- **Exercise directions**
Set down each record exactly. Omit the pictures.

↓

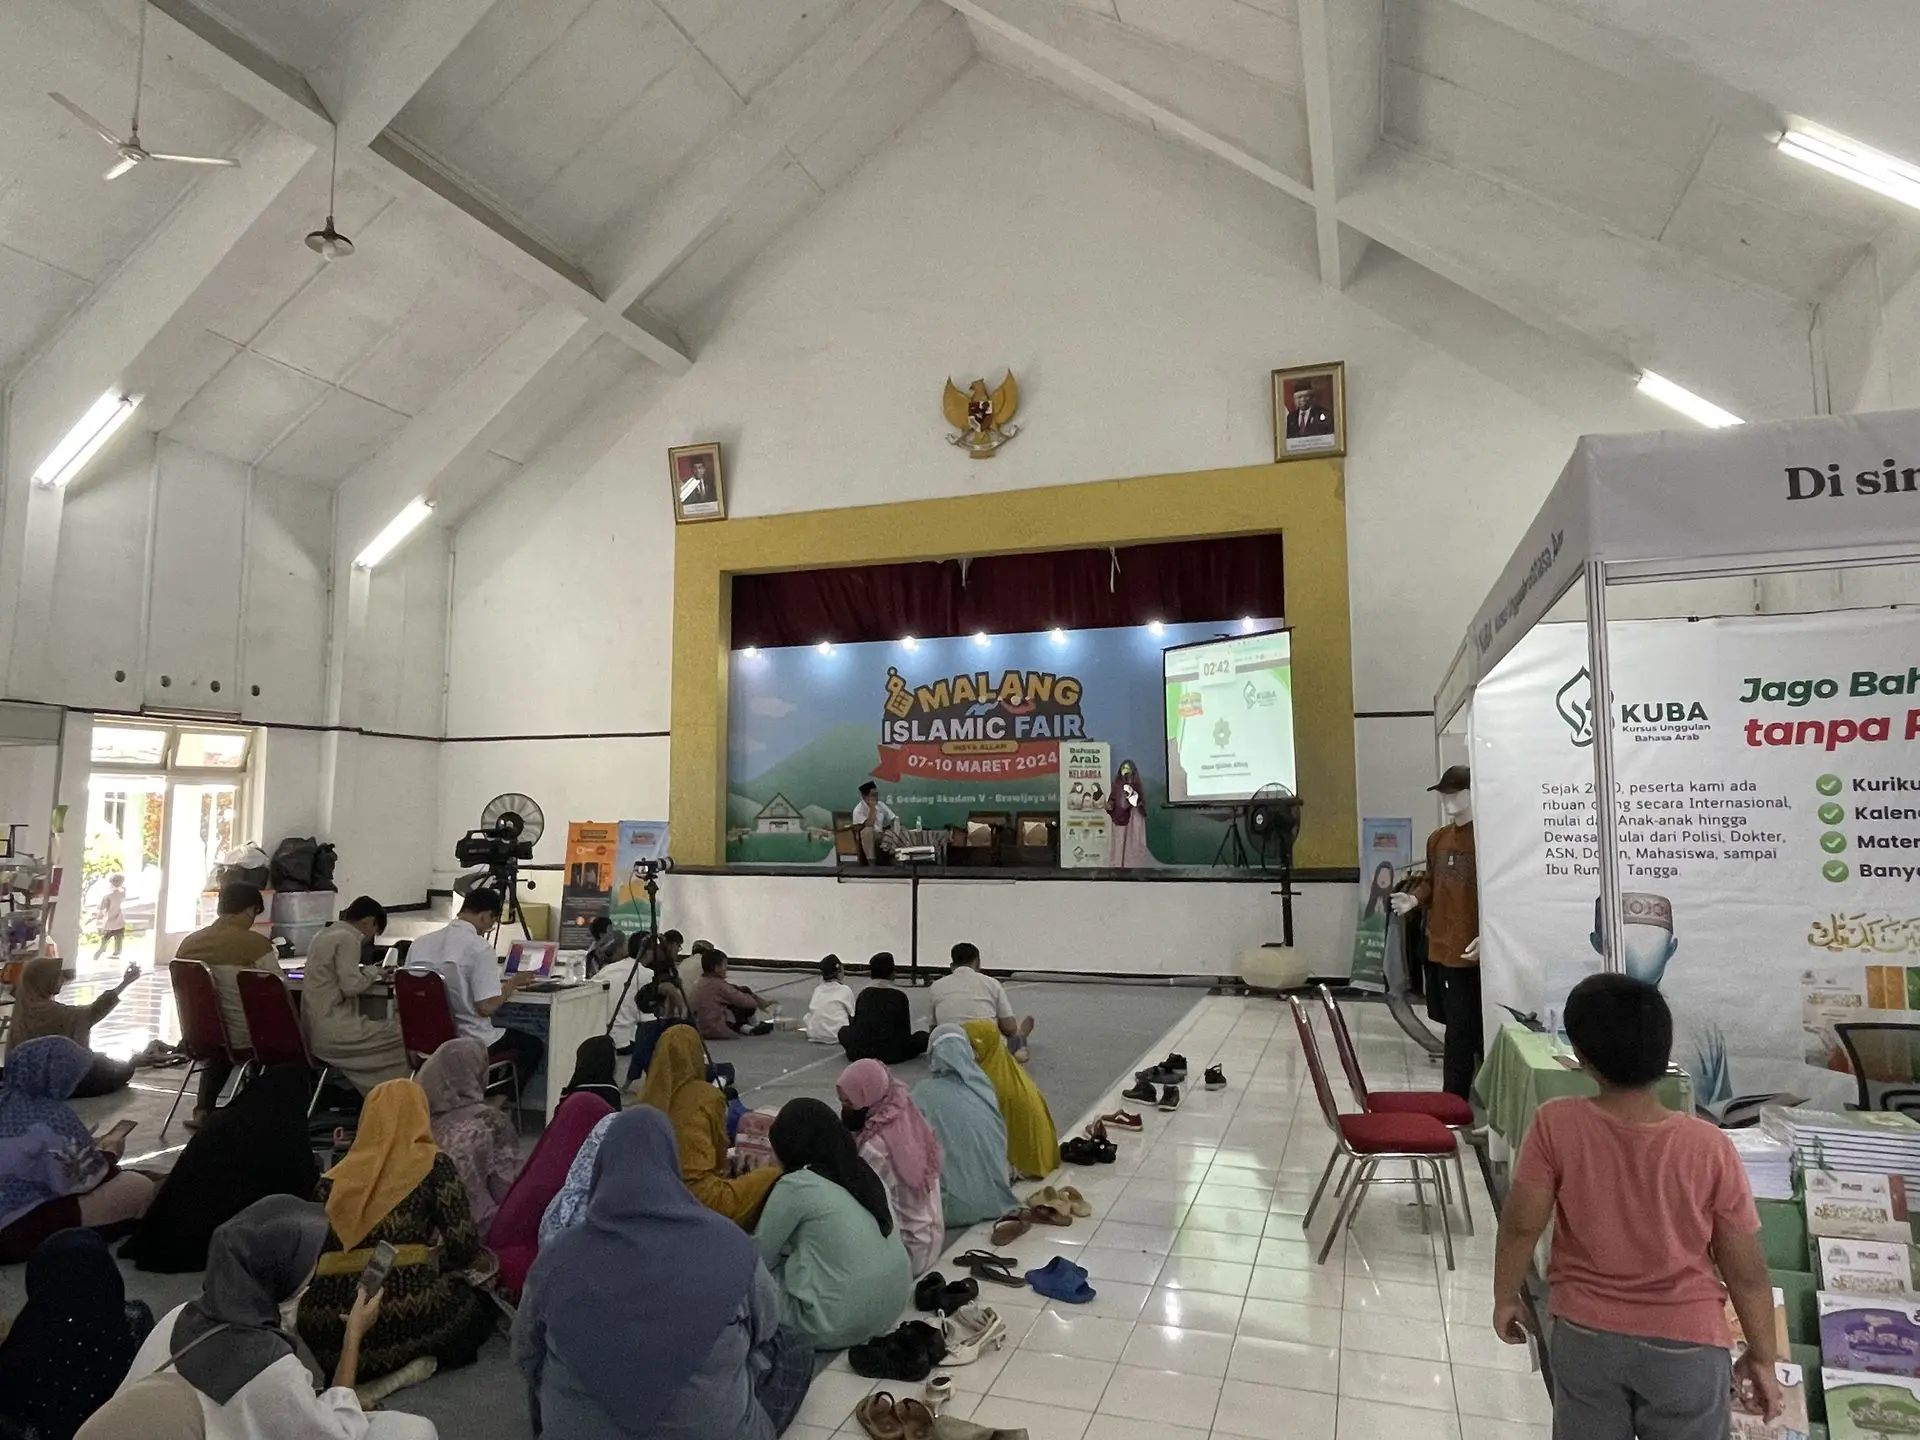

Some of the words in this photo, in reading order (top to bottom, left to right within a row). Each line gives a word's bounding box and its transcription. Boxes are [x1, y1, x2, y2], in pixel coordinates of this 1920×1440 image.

[1784, 463, 1845, 500] Di
[914, 671, 1083, 713] MALANG
[1739, 677, 1839, 707] Jago
[1621, 701, 1709, 724] KUBA
[884, 716, 1006, 743] ISLAMIC
[1014, 714, 1083, 739] FAIR
[1622, 724, 1658, 733] Kursus
[1659, 723, 1711, 733] Unggulan
[1744, 717, 1891, 751] tanpa
[1635, 734, 1673, 742] Bahasa
[1675, 733, 1700, 741] Arab
[907, 754, 953, 772] 07-10
[955, 758, 1011, 773] MARET
[1016, 751, 1057, 770] 2024
[1070, 754, 1101, 764] Arab
[1541, 782, 1580, 796] Sejak
[1629, 782, 1684, 796] peserta
[1689, 780, 1725, 793] kami
[1730, 780, 1757, 792] ada
[1542, 799, 1586, 810] ribuan
[1636, 800, 1684, 810] secara
[1689, 796, 1792, 811] Internasional,
[1855, 805, 1920, 820] Kalen
[1543, 815, 1581, 827] mulai
[1618, 814, 1693, 826] Anak-anak
[1698, 813, 1747, 829] hingga
[1544, 831, 1598, 843] Dewasa
[1619, 830, 1645, 843] ulai
[1649, 829, 1677, 843] dari
[1682, 831, 1726, 844] Polisi,
[1730, 829, 1786, 844] Dokter,
[1545, 847, 1579, 860] ASN,
[1636, 846, 1719, 861] Mahasiswa,
[1723, 848, 1777, 861] sampai
[1546, 864, 1568, 875] Ibu
[1859, 864, 1920, 882] Bany

↑

- **Reply**
Some of the words in this photo, in reading order (top to bottom, left to right within a row). Each line gives a word's bounding box and its transcription. Boxes are [x1, y1, x2, y2], in pixel coordinates of this 1920×1440 image.

[1784, 463, 1845, 500] Di
[914, 671, 1083, 713] MALANG
[1739, 677, 1839, 707] Jago
[1621, 701, 1709, 724] KUBA
[884, 716, 1006, 743] ISLAMIC
[1014, 714, 1083, 739] FAIR
[1622, 724, 1658, 733] Kursus
[1659, 723, 1711, 733] Unggulan
[1744, 717, 1891, 751] tanpa
[1635, 734, 1673, 742] Bahasa
[1675, 733, 1700, 741] Arab
[907, 754, 953, 772] 07-10
[955, 758, 1011, 773] MARET
[1016, 751, 1057, 770] 2024
[1070, 754, 1101, 764] Arab
[1541, 782, 1580, 796] Sejak
[1629, 782, 1684, 796] peserta
[1689, 780, 1725, 793] kami
[1730, 780, 1757, 792] ada
[1542, 799, 1586, 810] ribuan
[1636, 800, 1684, 810] secara
[1689, 796, 1792, 811] Internasional,
[1855, 805, 1920, 820] Kalen
[1543, 815, 1581, 827] mulai
[1618, 814, 1693, 826] Anak-anak
[1698, 813, 1747, 829] hingga
[1544, 831, 1598, 843] Dewasa
[1619, 830, 1645, 843] ulai
[1649, 829, 1677, 843] dari
[1682, 831, 1726, 844] Polisi,
[1730, 829, 1786, 844] Dokter,
[1545, 847, 1579, 860] ASN,
[1636, 846, 1719, 861] Mahasiswa,
[1723, 848, 1777, 861] sampai
[1546, 864, 1568, 875] Ibu
[1859, 864, 1920, 882] Bany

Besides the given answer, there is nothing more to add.